When news happens, text BONEWS and your photos to 80360 or phone 01204 537274
Parents protest outside Elton Primary School over academy plans
MORE than 100 demonstrators assembled outside Elton Primary School to greet a government adviser with chants and protest songs.
The Alston Street school is set to be forced to become an academy, and Gena Merrett, a Department for Education adviser, attended the school for a meeting with governors.
She outlined the process which will be taken for the school to become an academy, and will return on January 28 to hand over official papers for the transition to be completed.
If governors object to this decision, it is understood that the current board of governors would be replaced be an interim executive board to force through the change.
Parents, councillors and pupils all attended on Monday night, and just as Ms Merrett arrived they broke out into chants, including “Academy, no way”, “What do we want, consultation” and “We love Elton”.
Ms Merrett had to listen to the songs for a few minutes, as she could not get into the locked school.
Academies are independently-run schools, which are set up to take over schools which are regarded as failing.
Lisa Weaver, of the Save Elton Primary School group, said the protest was about sending a message to the Government.
She said: “We wanted to make a statement, and show that we will not roll over.”
Elton headteacher Tony Emmott and Bury Council have come out against the move.
Bury Council leader Mike Connolly, who attended the demonstration, said he wanted to back parents.
He said: “We have to support the parents because we are totally opposed to the forced academisation of this school.
“It is just an ideological thing, and it has become political. We want this school to remain as part of the Bury family.”
Elton councillor James Frith added: “I don’t think anything forced is a good idea. The school is on the up and rather than persecuting it we should be supporting it.”
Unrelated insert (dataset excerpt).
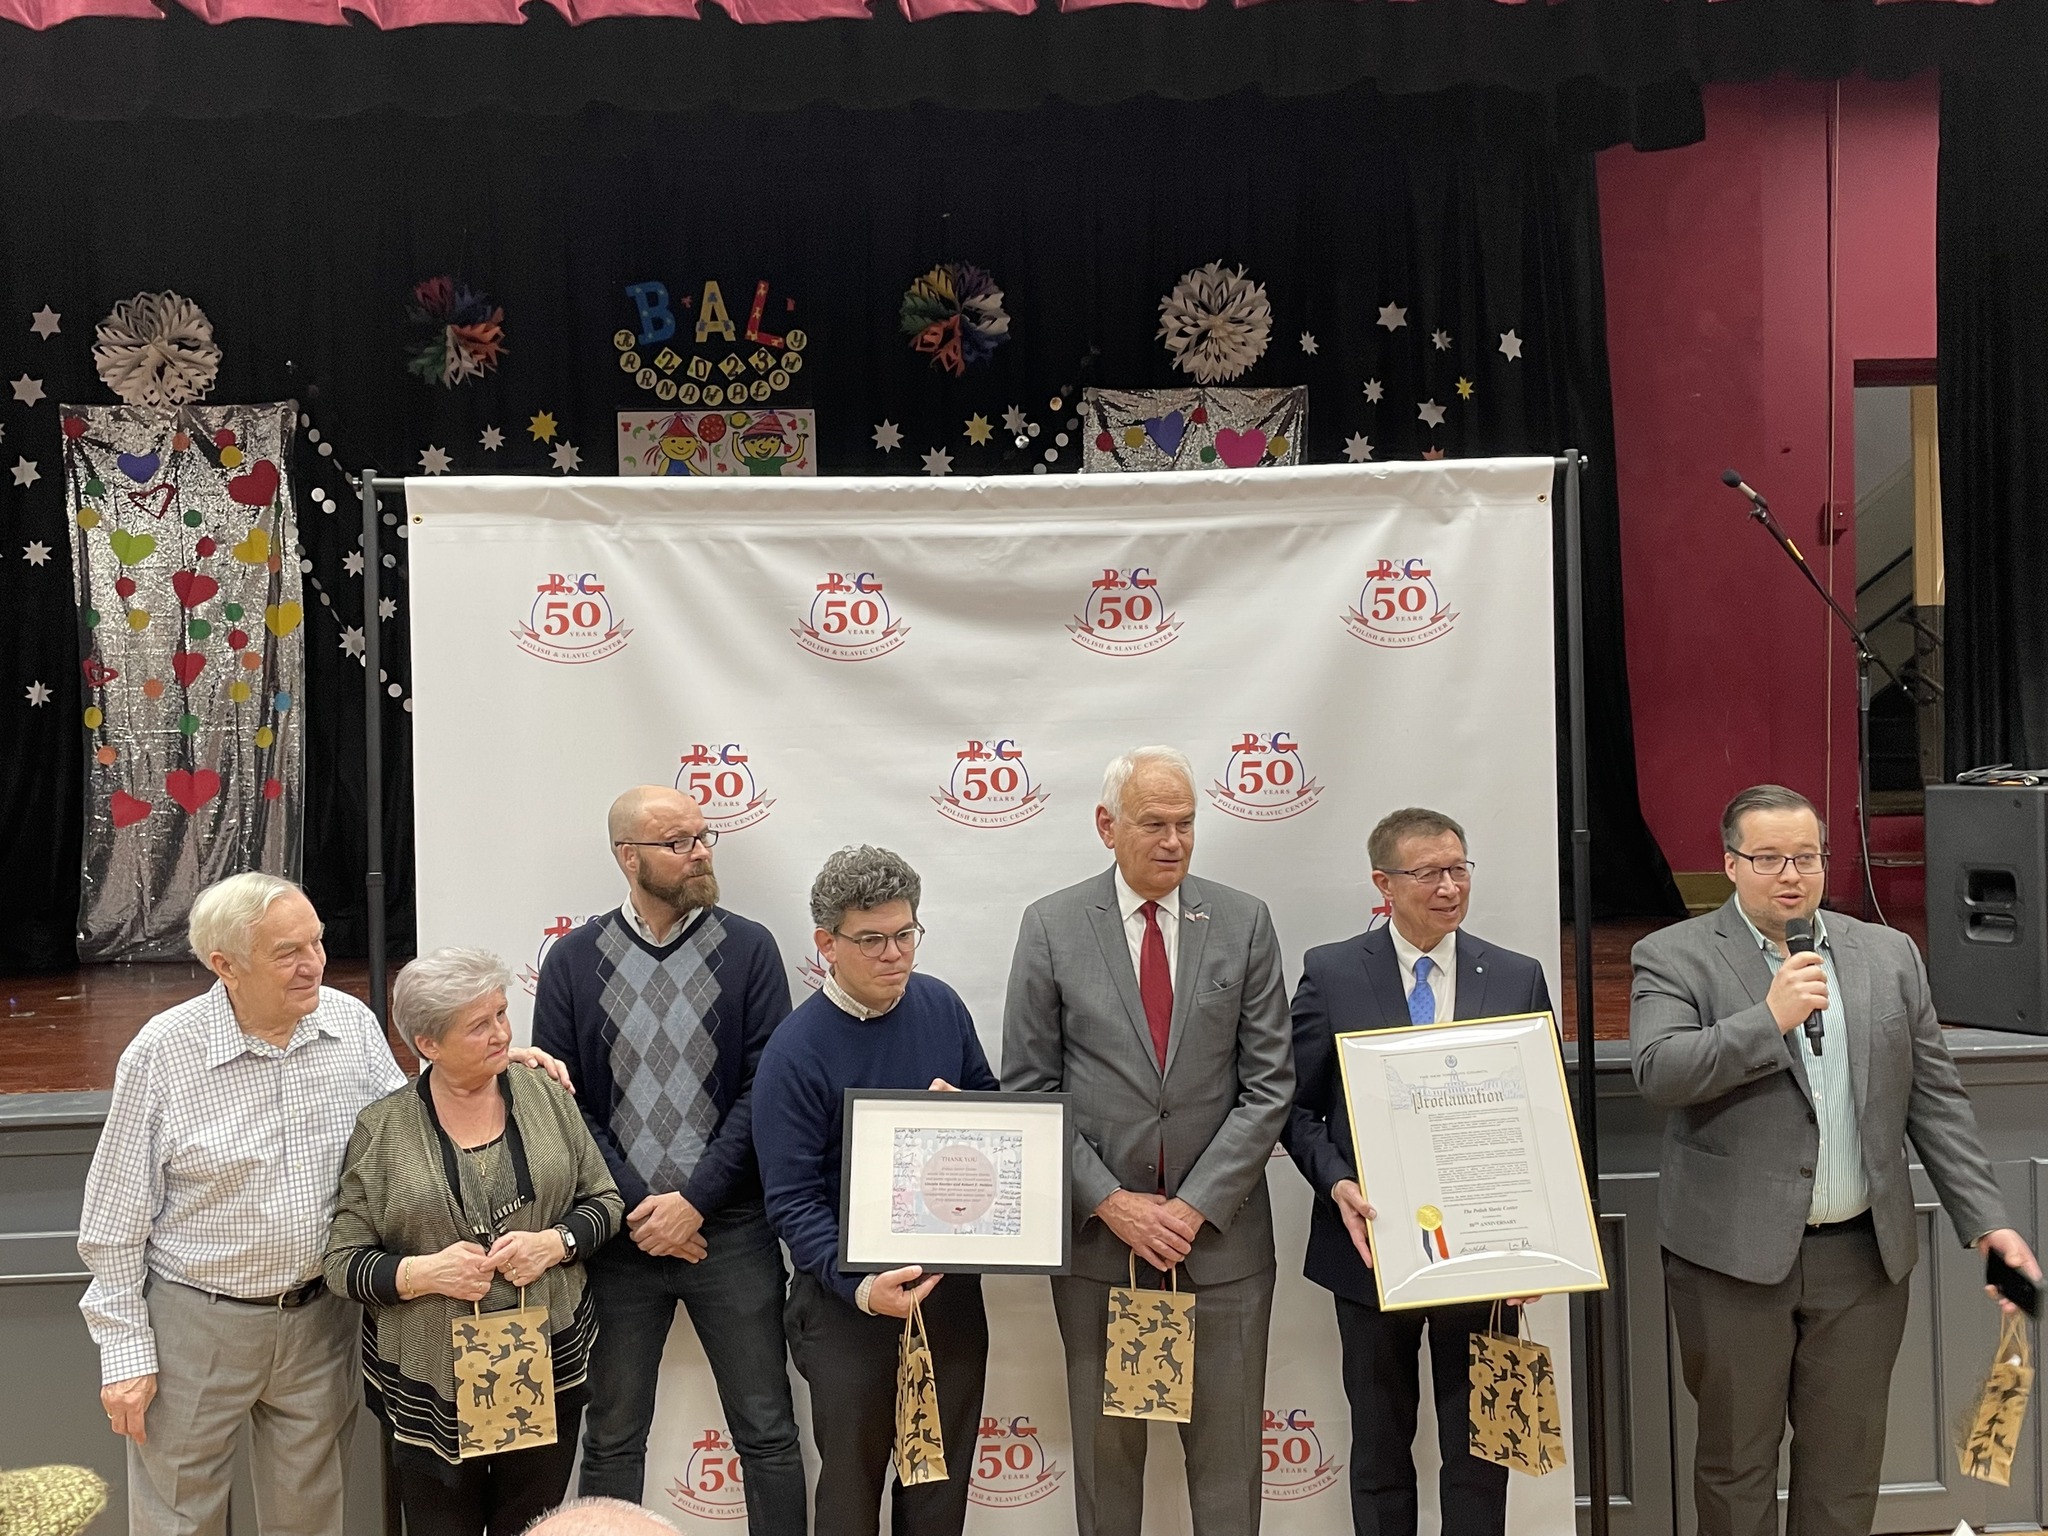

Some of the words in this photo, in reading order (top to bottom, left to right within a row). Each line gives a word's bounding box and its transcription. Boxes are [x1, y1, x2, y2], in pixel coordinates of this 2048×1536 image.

Parents Graham and Karen Scotson also attended the demonstration, and said they feared that the changes could impact their 10-year-old daughter Anna’s academic performance.
Mr Scotson said: “She doesn’t like change, especially at this stage of the game, when examinations are coming up. The school is all right as it is.”
Mohammed Khan, of Sharples Drive, Walshaw, whose daughter 12-year-old daughter Anisah has now moved to Elton High, said their family received a great deal of support from the school at a difficult time.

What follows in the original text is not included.